1. Conservation of Angular Momentum:
* The collapse of the cloud is driven by gravity.
* As the cloud shrinks, its overall mass is concentrated into a smaller space.
* To conserve angular momentum (a measure of an object's tendency to rotate), the cloud must spin faster. This is analogous to a figure skater pulling in their arms during a spin, increasing their rotation speed.
2. Formation of a Disk:
* The increased rotation creates centrifugal force, which opposes gravity along the equatorial plane of the collapsing cloud.
* This leads to the formation of a flattened disk around the central protostar, where the material continues to accrete.
3. Central Protostar:
* The majority of the mass ends up in the central protostar, which continues to grow and heat up as more material falls onto it.
* The rotation of the disk also influences the star's magnetic field.
4. Planets:
* The disk itself is not uniform. It contains dust and gas, which clump together and eventually form planets.
* The rotation of the disk plays a crucial role in determining the orbital paths and orientations of these planets.
5. Outflow Jets:
* The rotation also contributes to the formation of jets of material that shoot out from the poles of the protostar.
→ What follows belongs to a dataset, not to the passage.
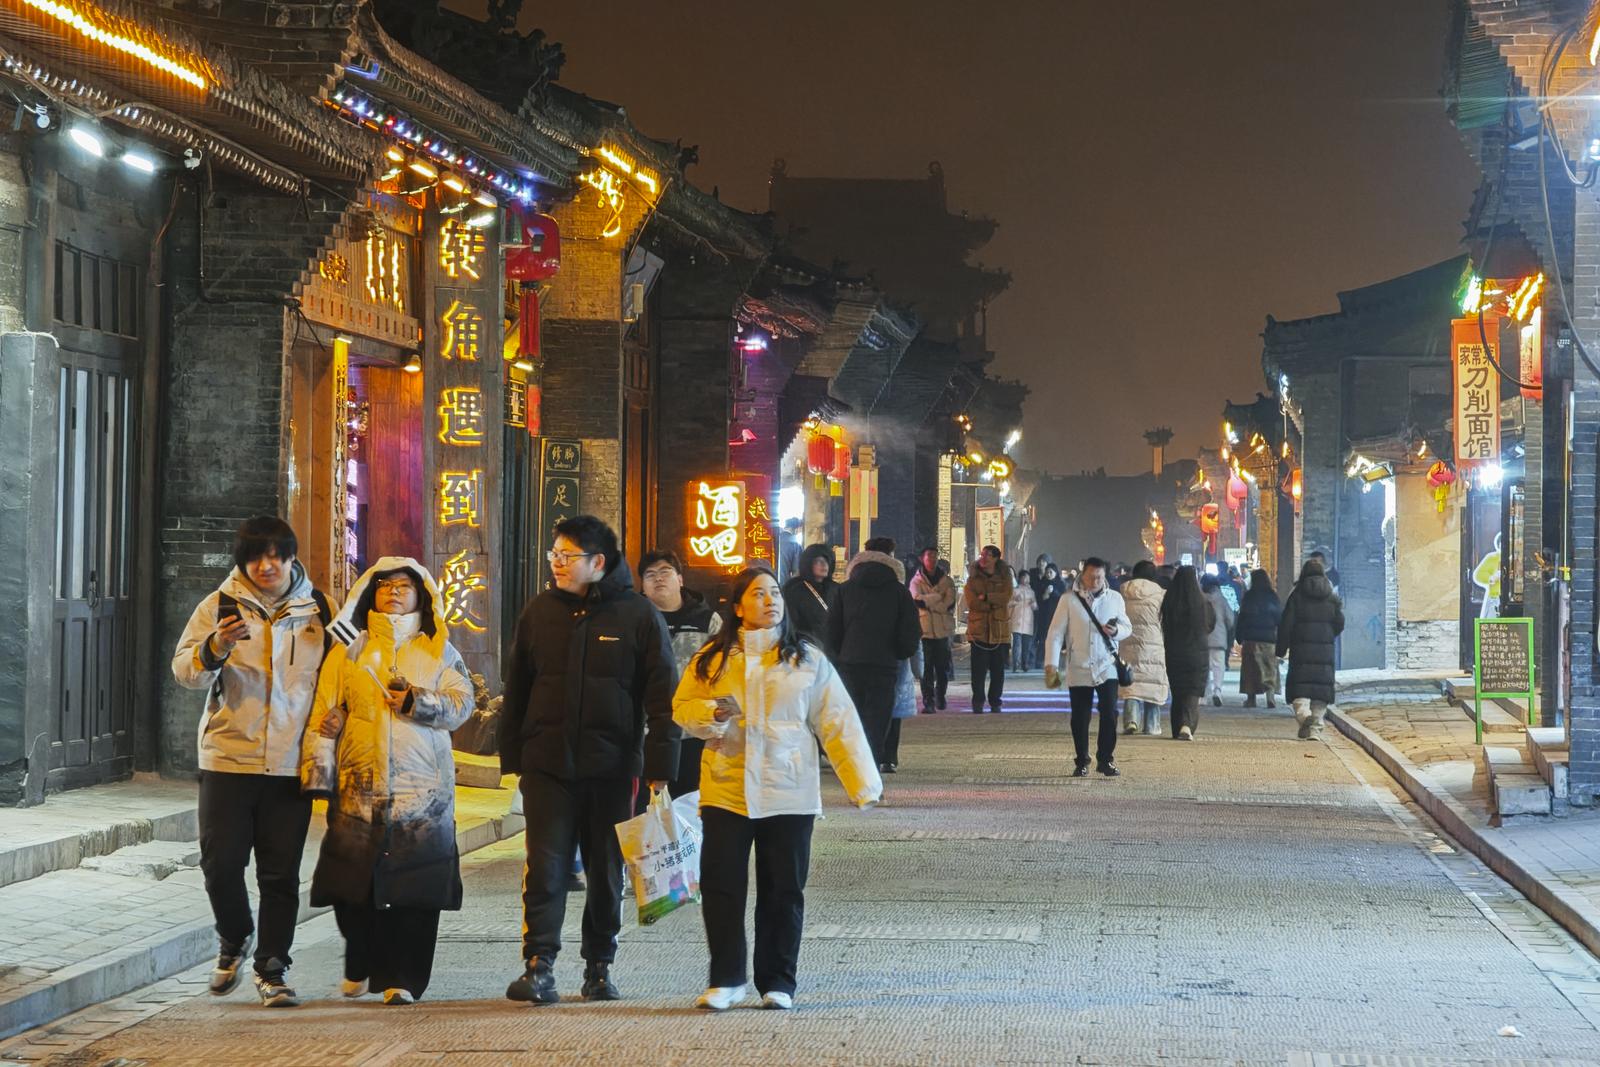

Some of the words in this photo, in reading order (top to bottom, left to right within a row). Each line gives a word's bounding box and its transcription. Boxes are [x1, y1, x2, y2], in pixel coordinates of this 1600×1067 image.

[1462, 366, 1493, 459] 刀削面馆
[690, 482, 743, 565] 酒吧
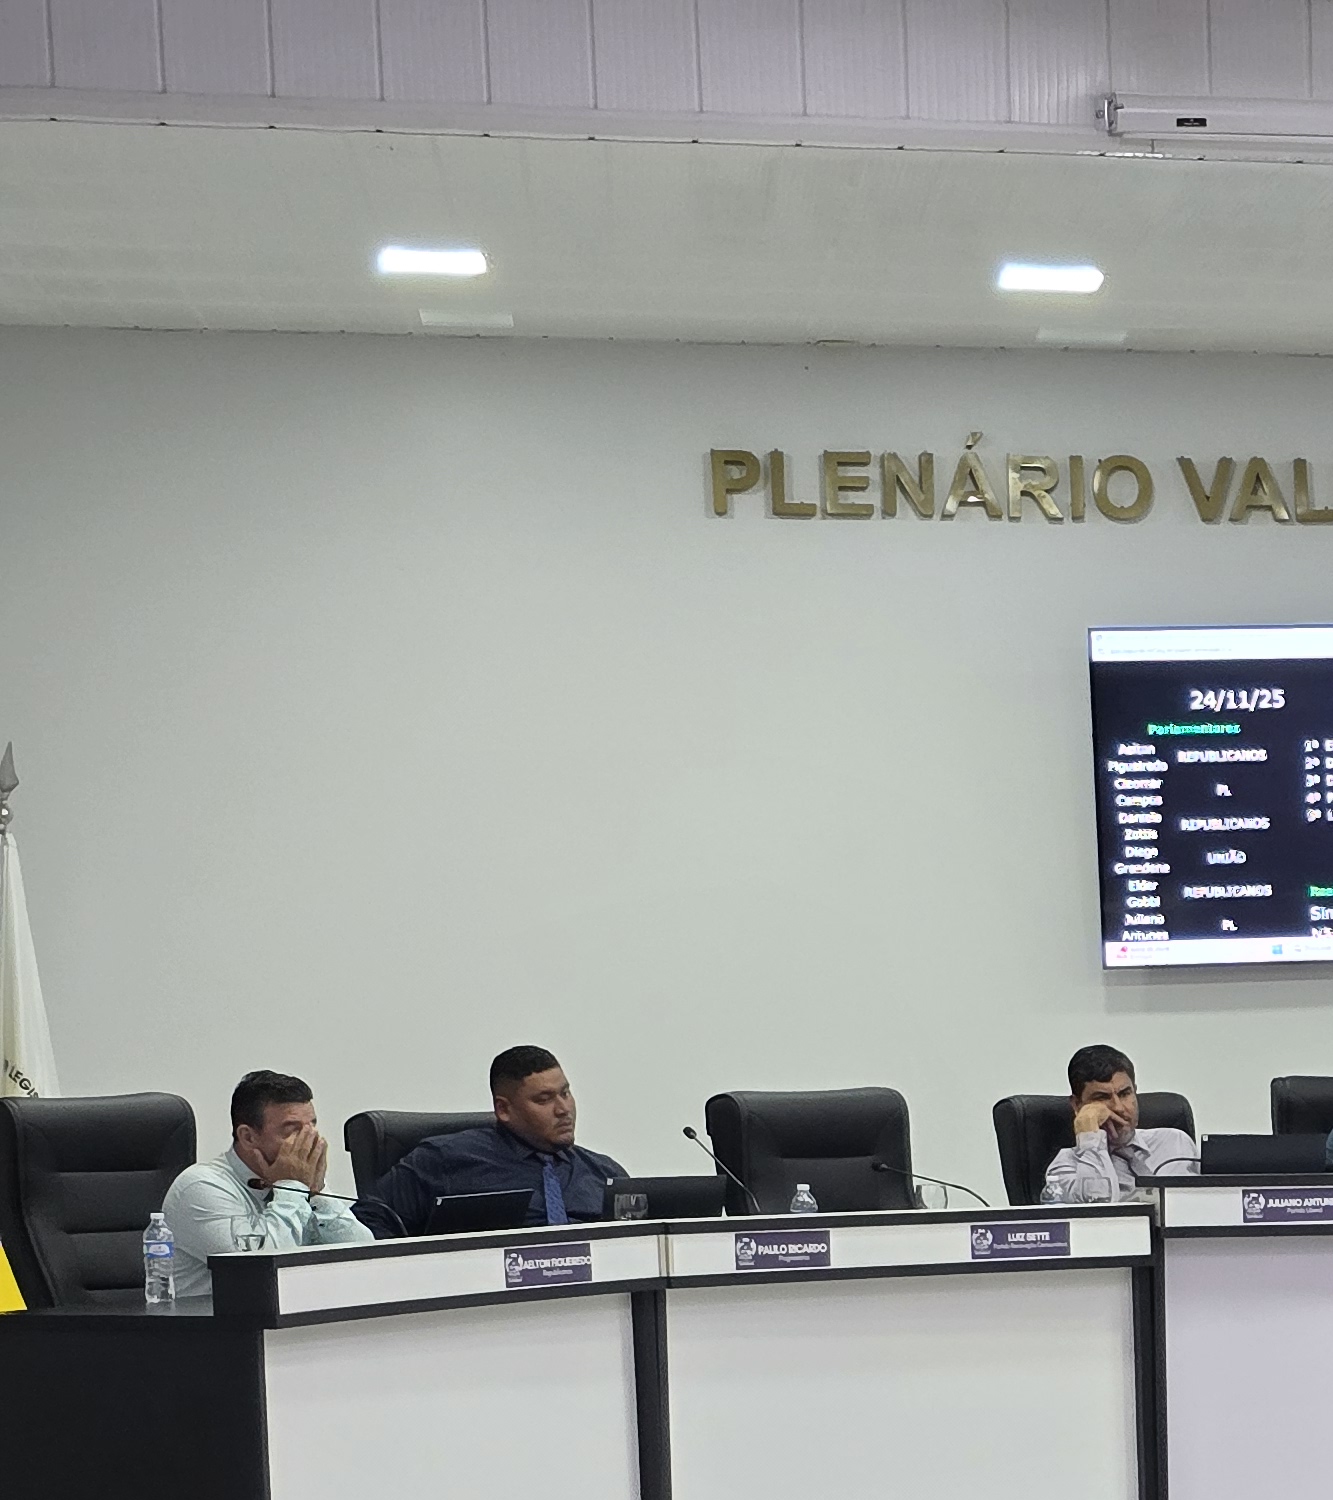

* These jets are caused by the magnetic field lines interacting with the rotating disk and are often observed in young stellar objects.
In Summary:
The rotation of a molecular cloud is crucial for the formation of a star and its planetary system. Conservation of angular momentum leads to an increase in the cloud's rotation speed, which creates a disk that feeds the central protostar and provides the raw material for planetary formation. The rotation also influences the star's magnetic field and the creation of jets of material.